Statistics on dataset filtered: only consistent browsers
id : 2128 distinct values
addressHttp : 1893 distinct values
userAgentHttp : 629 distinct values
acceptHttp : 6 distinct values
connectionHttp : 1 distinct values
encodingHttp : 10 distinct values
languageHttp : 222 distinct values
orderHttp : 47 distinct values
pluginsJSHashed : 872 distinct values
platformJS : 16 distinct values
cookiesJS : 2 distinct values
dntJS : 2 distinct values
timezoneJS : 29 distinct values
resolutionJS : 135 distinct values
localJS : 2 distinct values
sessionJS : 2 distinct values
canvasJSHashed : 480 distinct values
fontsFlashHashed : 612 distinct values
resolutionFlash : 74 distinct values
languageFlash : 22 distinct values
platformFlash : 76 distinct values
consistent : 1 distinct values


In [43]:
# not really precise since having the same browser multiple times with the same value decrease the entropy,
# which should not be the case

def compute_entropy(df, attribute):
    entropy = 0
    serie = df[attribute].value_counts()
    
    if len(serie) == 1:
        return 0
    
    total_values = serie.sum()
    for index, value in serie.iteritems():
        pi = float(value)/float(total_values)
        entropy += pi * np.log2(pi)
    
    return -entropy

def compute_normalized_entropy(df, attribute):
    number_distinct = df[attribute].value_counts().sum()
    
    if number_distinct == 1:
        return 0
    
    pi_worst = 1.0 / float(number_distinct)
    worst_case = -number_distinct * pi_worst * np.log2(pi_worst)
    
    df[attribute].value_counts().count()
    entropy = compute_entropy(df, attribute)
    return entropy / worst_case


print("Entropy on dataset filtered: only consistent browsers")
for attribute in attributes_to_analyze:
    entropy = compute_normalized_entropy(df_consistent, attribute)
    print("{} : {:f} bits".format(attribute, entropy)) 

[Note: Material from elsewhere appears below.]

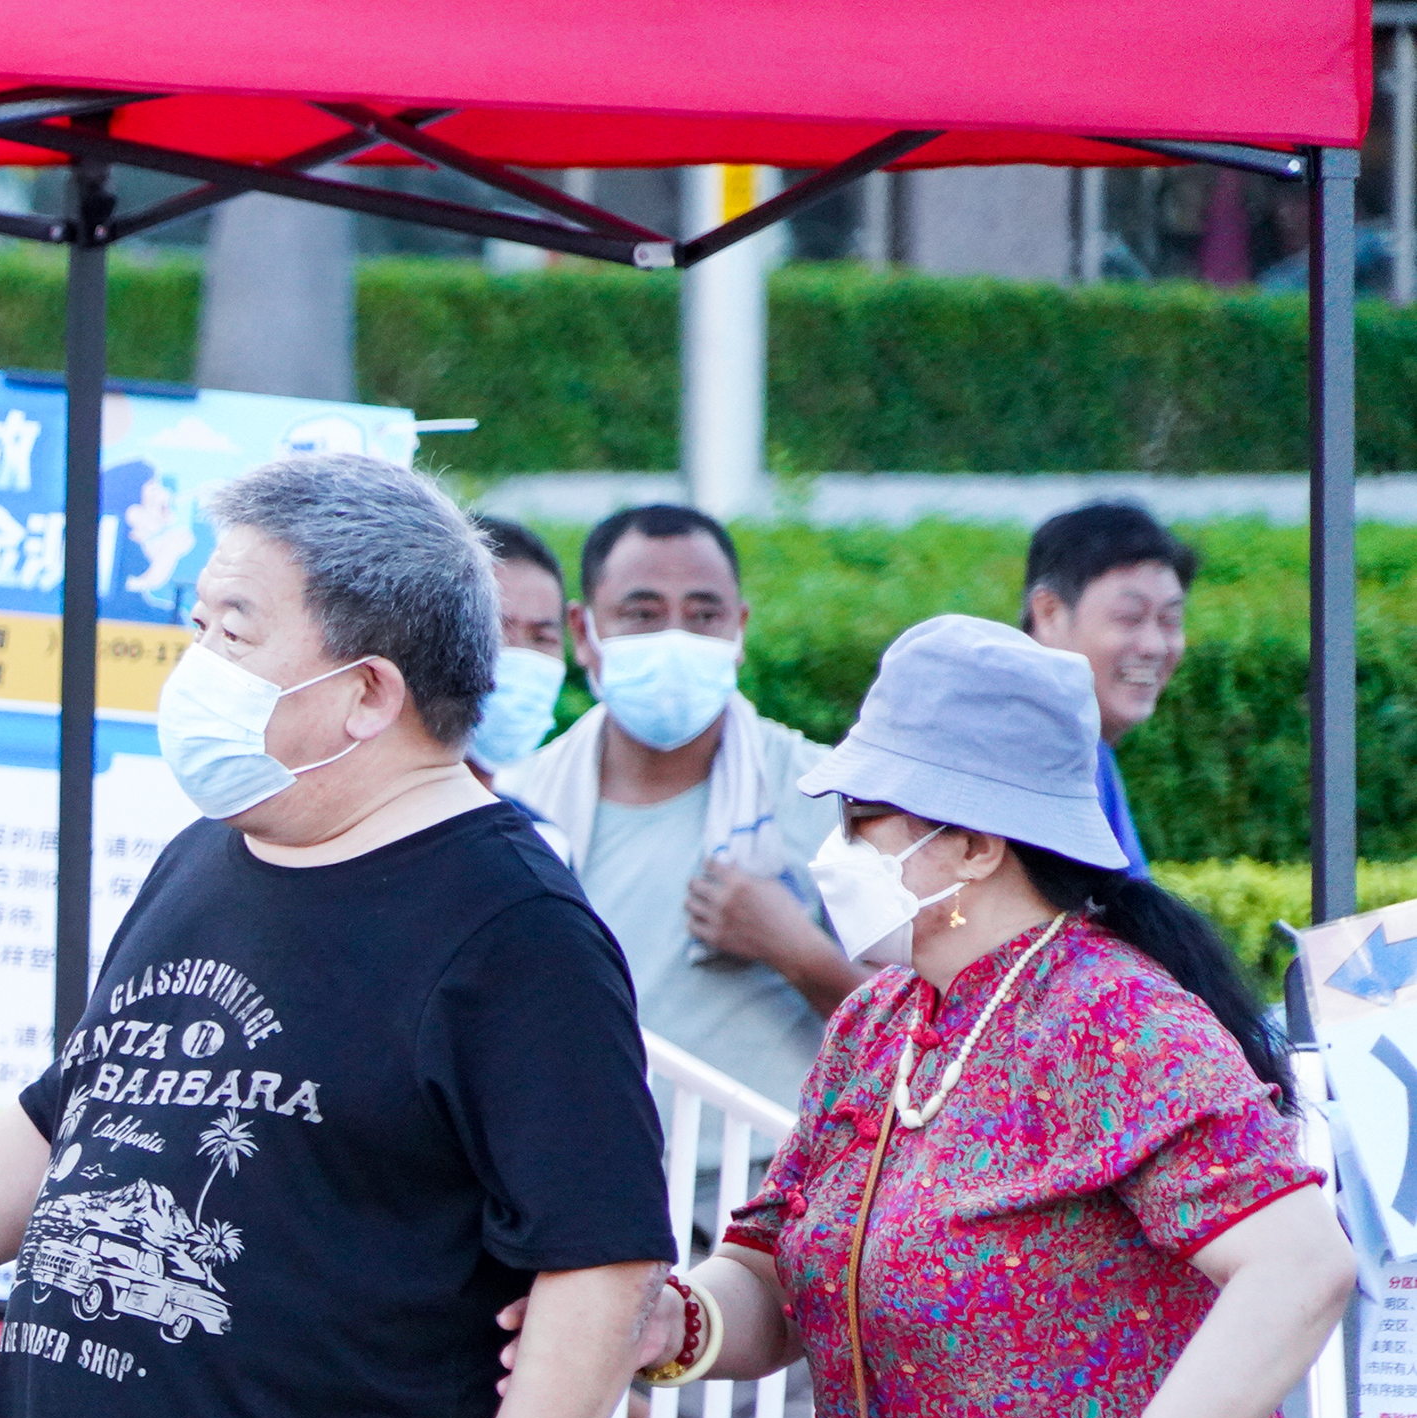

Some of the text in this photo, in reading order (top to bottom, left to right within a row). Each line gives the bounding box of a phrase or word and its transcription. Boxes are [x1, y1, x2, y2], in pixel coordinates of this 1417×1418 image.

[61, 1020, 173, 1072] ANTA
[91, 1063, 323, 1124] BARBARA
[1388, 1276, 1417, 1290] 分区
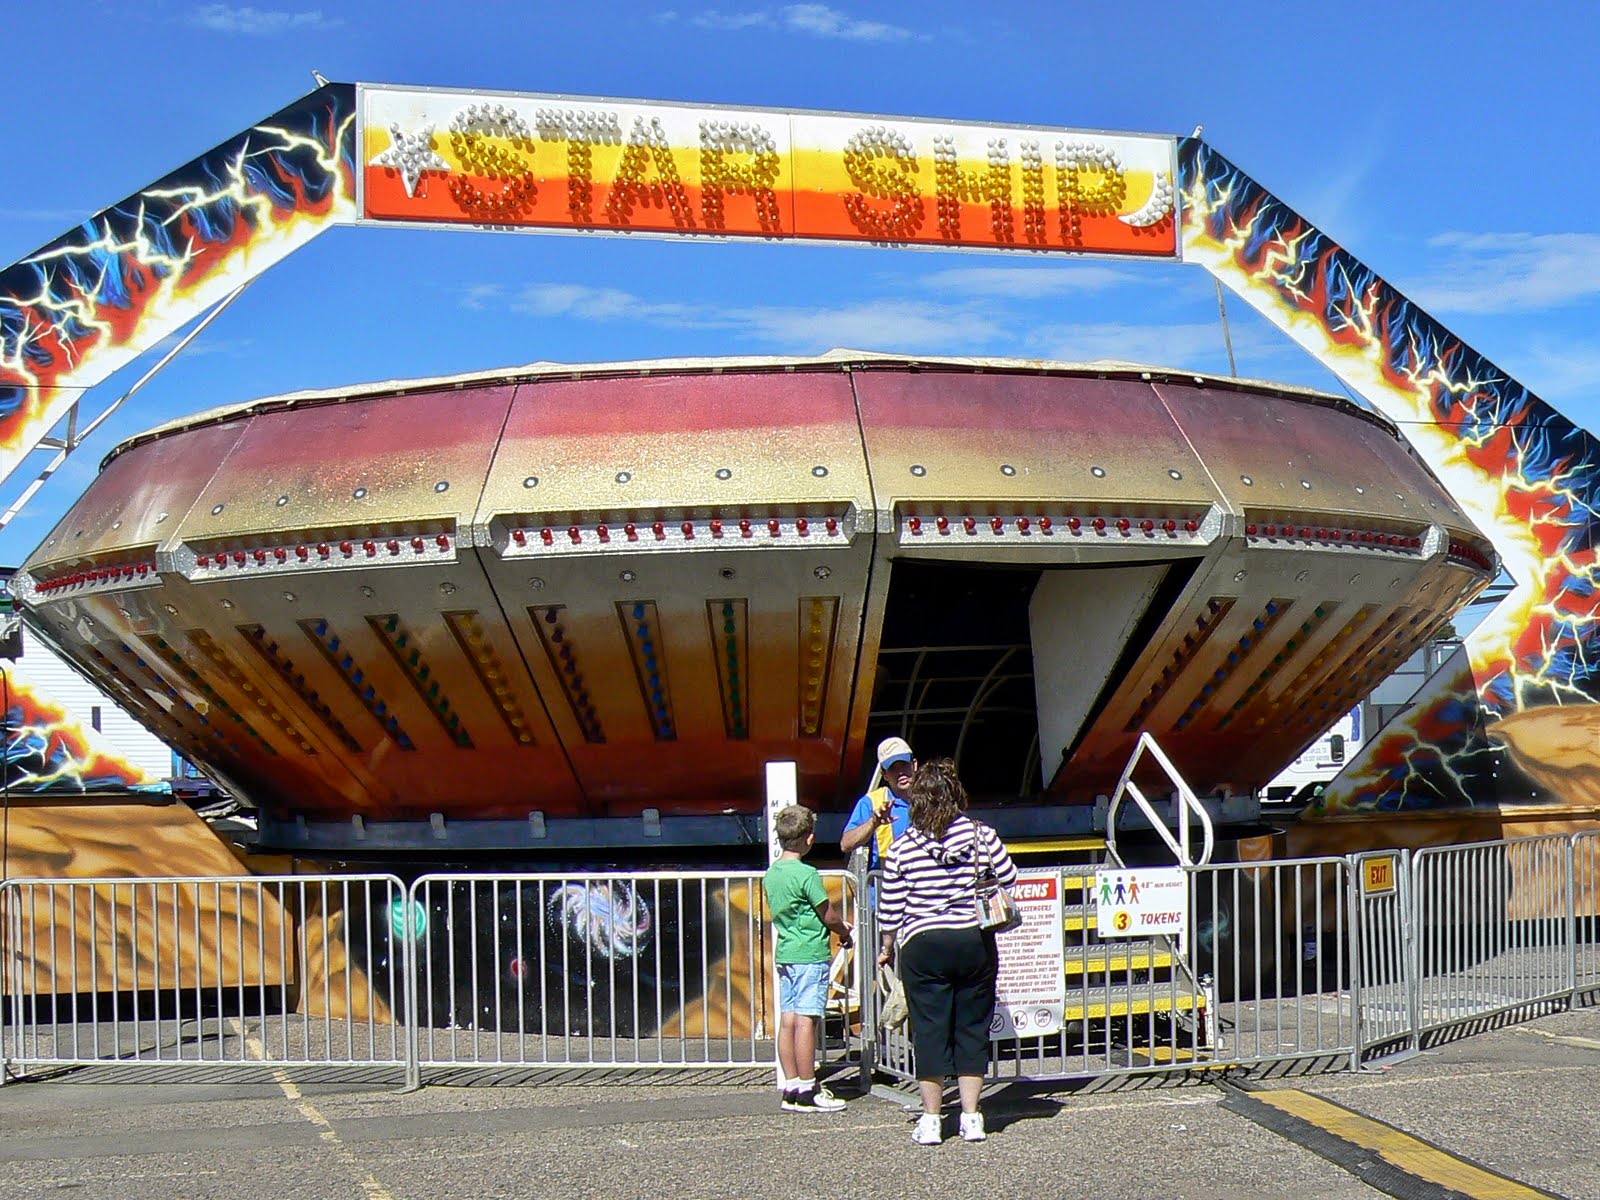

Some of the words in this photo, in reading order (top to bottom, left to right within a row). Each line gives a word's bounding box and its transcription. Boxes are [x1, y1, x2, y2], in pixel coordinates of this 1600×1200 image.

Entropy on dataset filtered: only consistent browsers
id : 1.000000 bits
addressHttp : 0.975284 bits
userAgentHttp : 0.755265 bits
acceptHttp : 0.088435 bits
connectionHttp : 0.000000 bits
encodingHttp : 0.169798 bits
languageHttp : 0.383888 bits
orderHttp : 0.255276 bits
pluginsJSHashed : 0.709155 bits
platformJS : 0.153947 bits
cookiesJS : 0.012660 bits
dntJS : 0.088182 bits
timezoneJS : 0.327736 bits
resolutionJS : 0.344783 bits
localJS : 0.044435 bits
sessionJS : 0.044435 bits
canvasJSHashed : 0.650355 bits
fontsFlashHashed : 0.465055 bits
resolutionFlash : 0.274537 bits
languageFlash : 0.231278 bits
platformFlash : 0.263046 bits